And now for another installment of Things I Know Will Make Me Look Ridiculous: tap dancing class! The ridiculousness started when I bought my size 11 tap shoes. Yes, really.
I called around to find a store with my size in stock while I ate lunch in a nearly empty sandwich shop.
Me: Hi. Do you carry tap shoes [mumble, mumble, mumble]?
Store clerk: Excuse me?
Me: Do you carry tap shoes in…adult sizes?
Guy eating lunch in the corner: [meets my eye, looks away quickly]
Store clerk: Sure. We have several styles. What are you looking for?
Me: No idea. But do you have a size [mumble] in stock?
Store clerk: I’m sorry. I lost you there.
Me: Do you have tap shoes in an adult size 11?!
Store clerk: Sure.

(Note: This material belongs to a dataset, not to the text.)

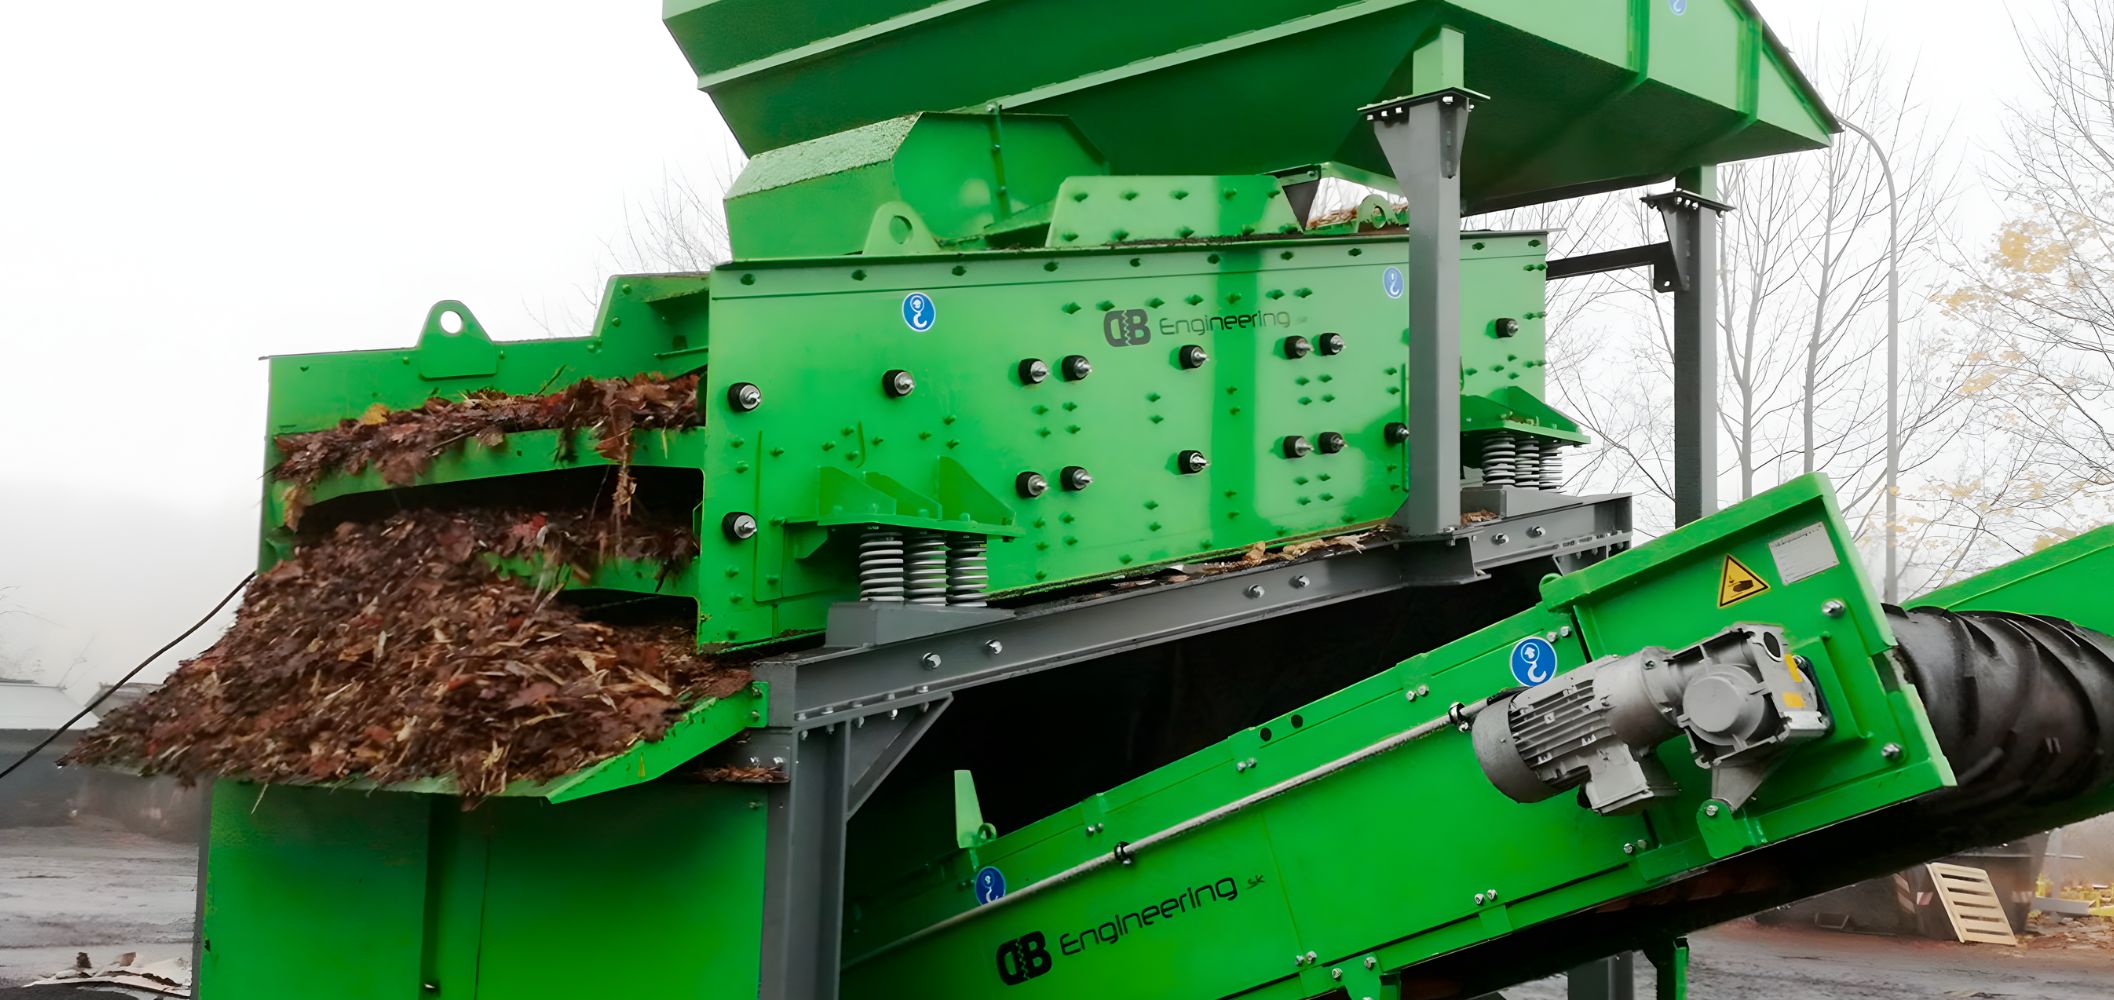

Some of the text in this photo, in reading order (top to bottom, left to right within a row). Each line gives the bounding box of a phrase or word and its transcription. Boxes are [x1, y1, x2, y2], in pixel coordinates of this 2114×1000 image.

Come on in!
Guy eating lunch in the corner: [snicker]
As ridiculous as they look on my clown feet, I kind of love these shoes. I don’t know why, but the sound makes me smile. After I brought them home, I tapped around my bedroom closet for a while, feeling giddy. I don’t know what’s happened to me, either.
Anyway, my classmates and I moved pretty slowly last night, concentrating on learning steps and not falling down. New tap shoes are slippery. I was not the only one to nearly wipe out. I was the only one to crash into the wall. I like to make my mark.

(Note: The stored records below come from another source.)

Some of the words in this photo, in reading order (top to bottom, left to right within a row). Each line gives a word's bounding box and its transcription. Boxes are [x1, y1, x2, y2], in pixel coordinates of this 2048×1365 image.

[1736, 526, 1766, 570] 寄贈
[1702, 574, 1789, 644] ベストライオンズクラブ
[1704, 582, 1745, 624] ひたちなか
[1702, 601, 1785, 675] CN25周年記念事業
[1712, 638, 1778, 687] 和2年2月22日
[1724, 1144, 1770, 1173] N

Our teacher, Diane, made it difficult not to have fun. Her enthusiasm is so infectious, it may become a pandemic. Maybe it’s a dance teacher thing? My belly dancing teacher was remarkably joyful, too.
Diane dubbed me the “rockette,” probably because of my natural talent and not because I tower over everyone I meet. When I missed a cue (shocker!), she called, “Where is my rockette?” This tickled me beyond reason.
But Diane was excited about everyone’s performance, frequently chirping “Beautiful, girls, beautiful!” Not one of us “girls” was under 40, and most of us clung to the barre whenever we could.
It was a lot of fun, and I’m looking forward to the next class. For now, I have to go…um…organize my bedroom closet. I may be awhile.